Please write out the whole listing that follows exactly; the pictures stay out.
**********
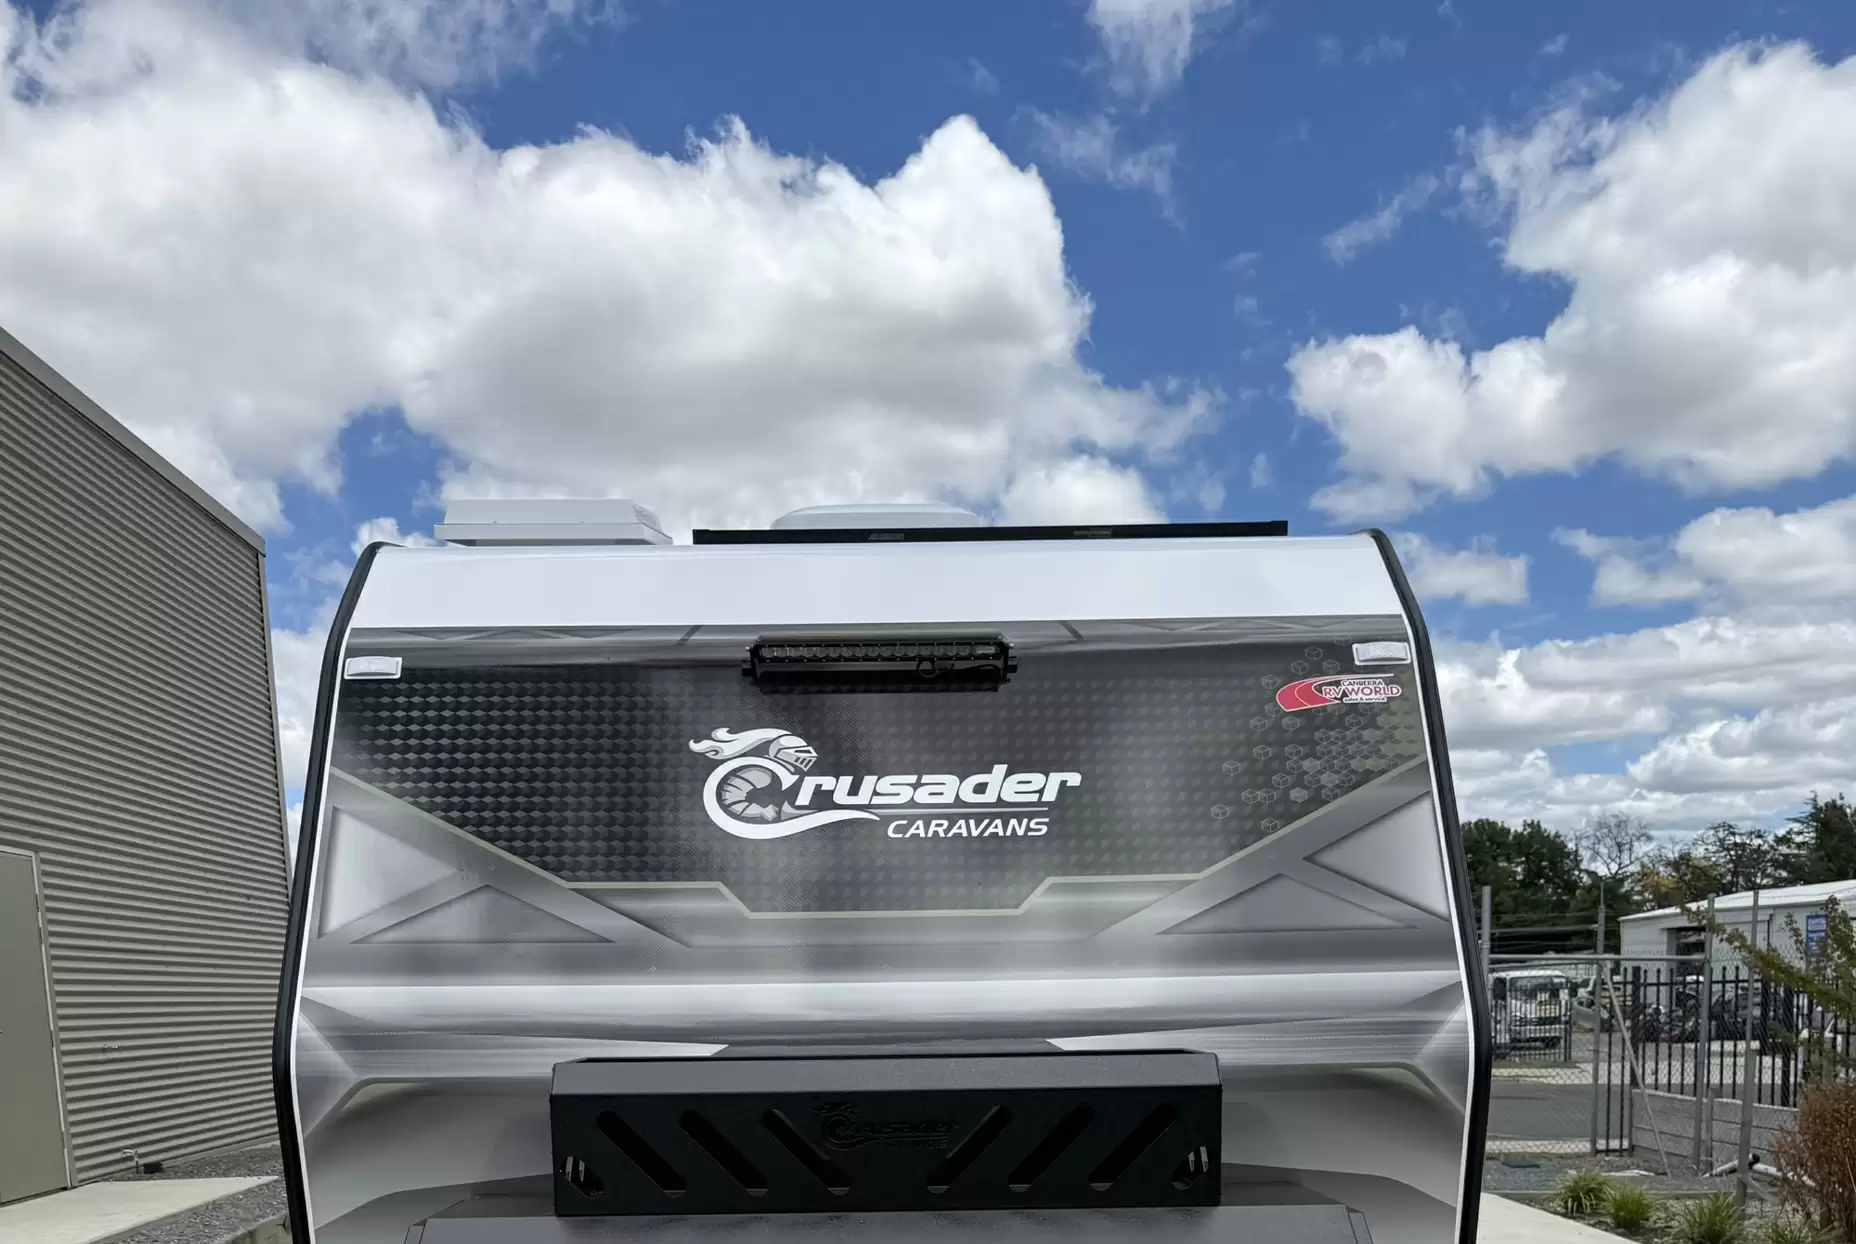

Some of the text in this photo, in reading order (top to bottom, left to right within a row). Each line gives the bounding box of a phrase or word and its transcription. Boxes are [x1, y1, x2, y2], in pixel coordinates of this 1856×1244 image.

[1324, 686, 1400, 698] RV WORLD
[703, 757, 1082, 840] Crusader
[887, 818, 1050, 839] CARAVANS
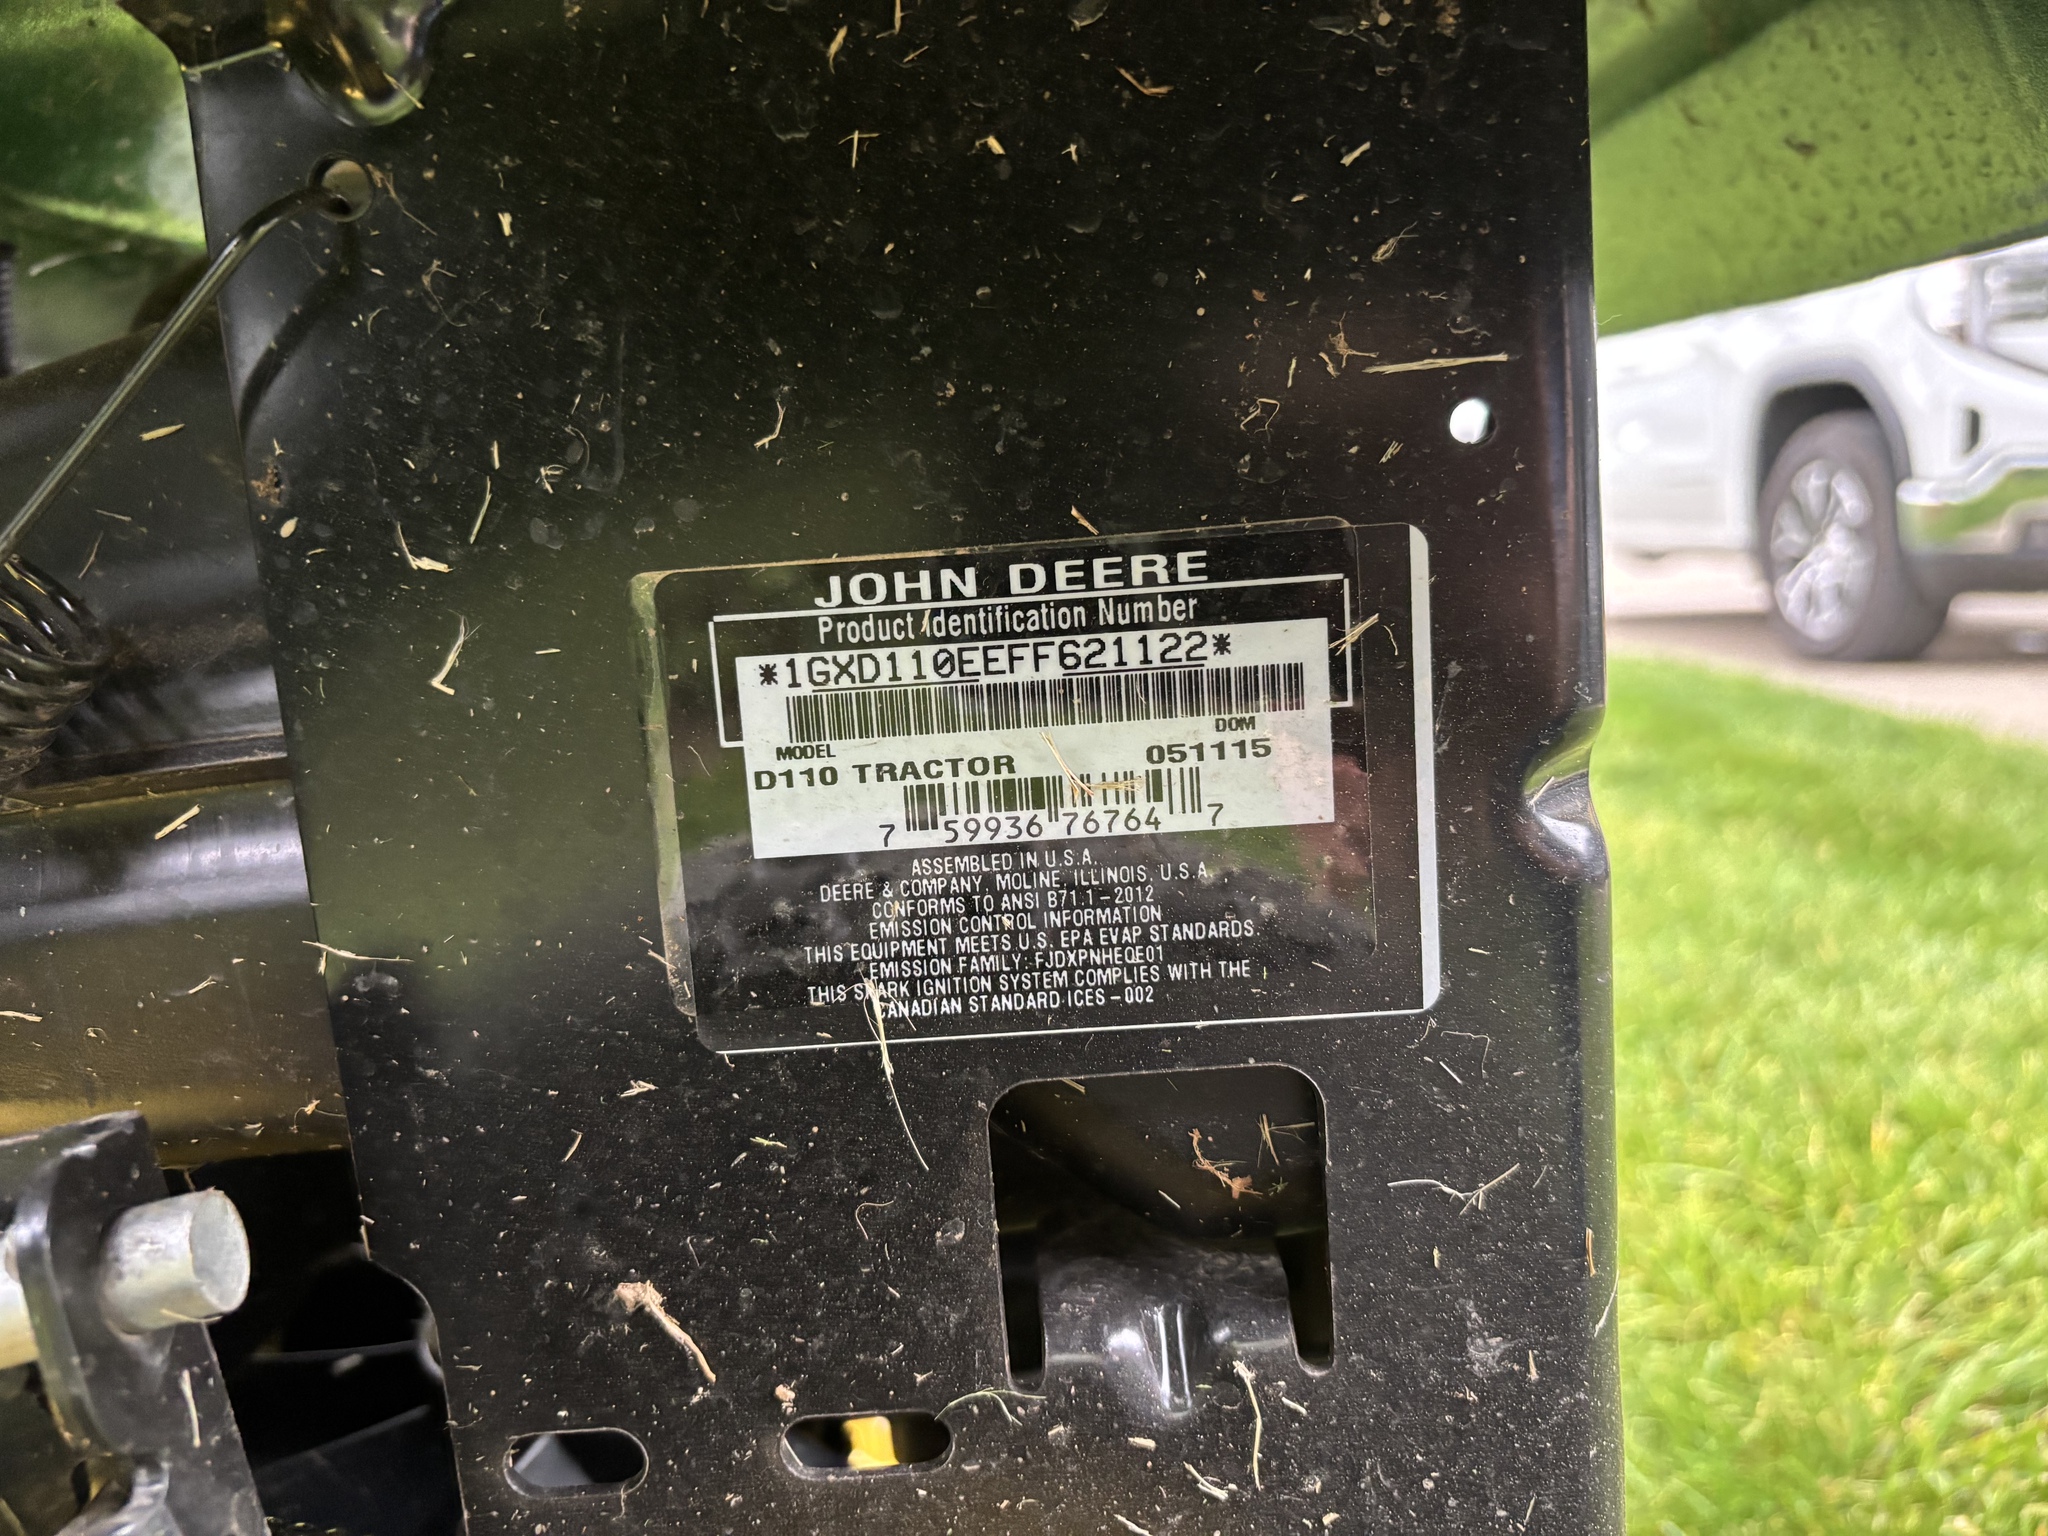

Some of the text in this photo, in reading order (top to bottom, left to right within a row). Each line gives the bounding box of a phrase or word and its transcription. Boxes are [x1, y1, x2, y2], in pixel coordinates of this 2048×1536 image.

[814, 550, 1208, 608] JOHN DEERE
[818, 594, 1198, 644] Product Identification Number
[1215, 716, 1256, 732] DOM
[776, 744, 836, 761] MODEL
[1146, 738, 1271, 764] 051115
[754, 754, 1016, 790] D110 TRACTOR
[879, 803, 1224, 847] 7 59936 76764 7
[911, 848, 1097, 876] ASSEMBLED IN U.S.A.
[820, 882, 874, 902] DEERE
[883, 881, 893, 898] &
[872, 896, 965, 919] CONFORMS
[973, 895, 994, 913] TO
[1001, 892, 1040, 911] ANSI
[869, 904, 1162, 940] EMISSION CONTROL INFORMATION
[804, 919, 1260, 964] THIS EQUIPMENT MEETS U.S. EPA EVAP STANDARDS.
[869, 959, 952, 980] EMISSION
[959, 953, 1028, 974] FAMILY:
[808, 984, 847, 1004] THIS
[917, 975, 992, 997] IGNITION
[1000, 970, 1068, 993] SYSTEM
[1074, 965, 1160, 987] COMPLIES
[1168, 963, 1211, 981] WITH
[1219, 959, 1250, 978] THE
[969, 989, 1060, 1013] STANDARD
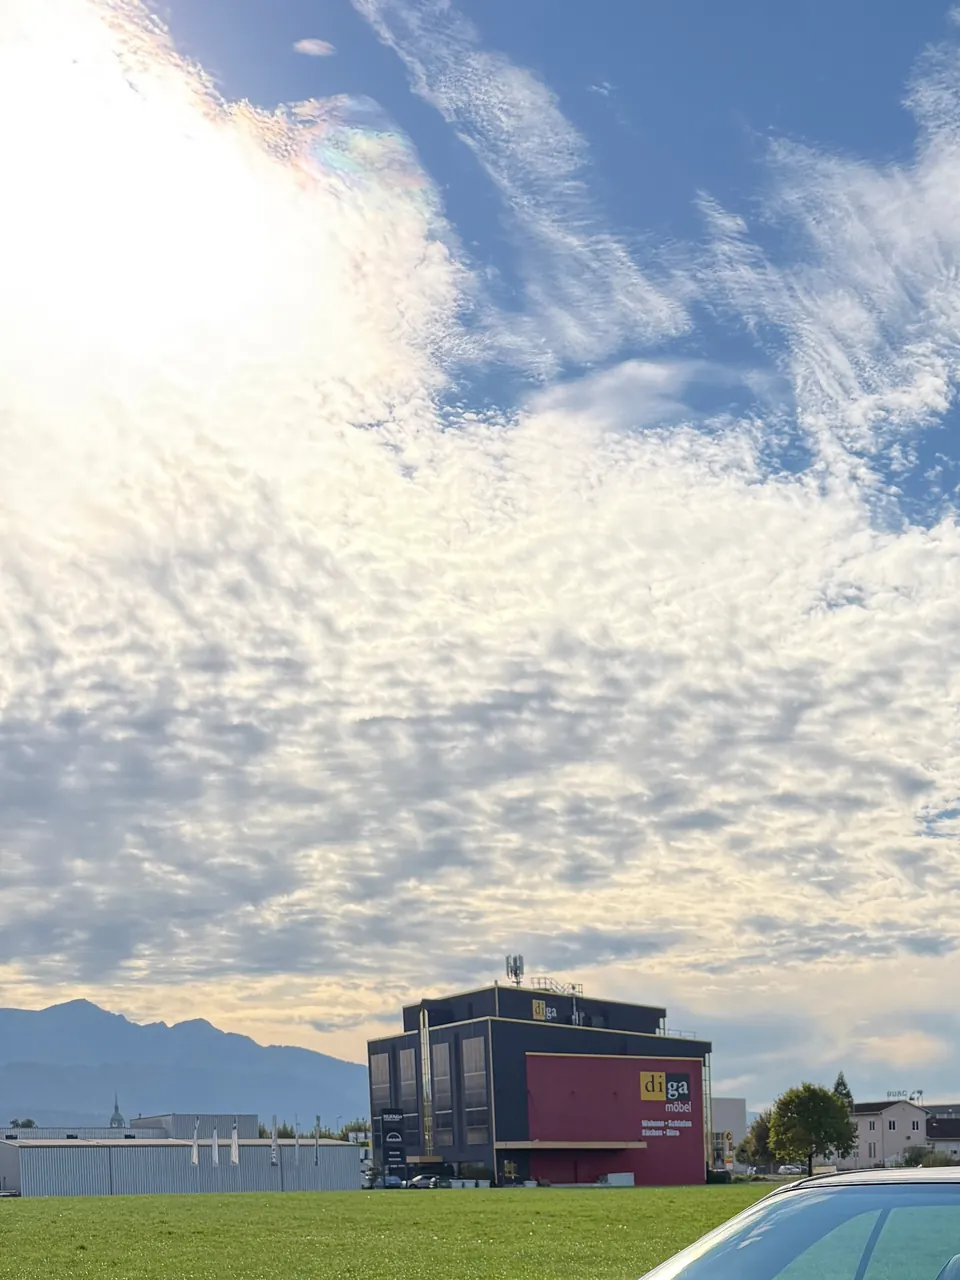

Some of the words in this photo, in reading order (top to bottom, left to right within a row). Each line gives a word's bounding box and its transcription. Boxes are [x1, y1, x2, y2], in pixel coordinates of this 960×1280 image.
**********
● RESULT OF THIS TASK
Some of the text in this photo, in reading order (top to bottom, left to right within a row). Each line gives the bounding box of a phrase or word and its transcription. Boxes are [x1, y1, x2, y2], in pixel coordinates of this 1856×1244 image.

[1324, 686, 1400, 698] RV WORLD
[703, 757, 1082, 840] Crusader
[887, 818, 1050, 839] CARAVANS

Some of the text in this photo, in reading order (top to bottom, left to right within a row). Each line gives the bounding box of a phrase or word and its transcription. Boxes are [x1, y1, x2, y2], in pixel coordinates of this 2048×1536 image.

[814, 550, 1208, 608] JOHN DEERE
[818, 594, 1198, 644] Product Identification Number
[1215, 716, 1256, 732] DOM
[776, 744, 836, 761] MODEL
[1146, 738, 1271, 764] 051115
[754, 754, 1016, 790] D110 TRACTOR
[879, 803, 1224, 847] 7 59936 76764 7
[911, 848, 1097, 876] ASSEMBLED IN U.S.A.
[820, 882, 874, 902] DEERE
[883, 881, 893, 898] &
[872, 896, 965, 919] CONFORMS
[973, 895, 994, 913] TO
[1001, 892, 1040, 911] ANSI
[869, 904, 1162, 940] EMISSION CONTROL INFORMATION
[804, 919, 1260, 964] THIS EQUIPMENT MEETS U.S. EPA EVAP STANDARDS.
[869, 959, 952, 980] EMISSION
[959, 953, 1028, 974] FAMILY:
[808, 984, 847, 1004] THIS
[917, 975, 992, 997] IGNITION
[1000, 970, 1068, 993] SYSTEM
[1074, 965, 1160, 987] COMPLIES
[1168, 963, 1211, 981] WITH
[1219, 959, 1250, 978] THE
[969, 989, 1060, 1013] STANDARD

Some of the words in this photo, in reading order (top to bottom, left to right within a row). Each line gives a word's bounding box and its transcription. Boxes are [x1, y1, x2, y2], in pixel coordinates of this 960×1280 image.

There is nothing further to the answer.